> _The problem_
Each line below is to be written out in full, exactly as shown.

_ _ _ _

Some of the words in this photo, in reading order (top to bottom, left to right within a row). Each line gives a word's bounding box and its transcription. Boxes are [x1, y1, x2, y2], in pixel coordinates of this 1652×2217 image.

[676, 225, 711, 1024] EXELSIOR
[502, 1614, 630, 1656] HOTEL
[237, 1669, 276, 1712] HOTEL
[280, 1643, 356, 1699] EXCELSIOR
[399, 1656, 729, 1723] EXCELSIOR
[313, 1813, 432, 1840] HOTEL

_ _ _ _

> _Response to the task_
Some of the words in this photo, in reading order (top to bottom, left to right within a row). Each line gives a word's bounding box and its transcription. Boxes are [x1, y1, x2, y2], in pixel coordinates of this 1652×2217 image.

[676, 225, 711, 1024] EXELSIOR
[502, 1614, 630, 1656] HOTEL
[237, 1669, 276, 1712] HOTEL
[280, 1643, 356, 1699] EXCELSIOR
[399, 1656, 729, 1723] EXCELSIOR
[313, 1813, 432, 1840] HOTEL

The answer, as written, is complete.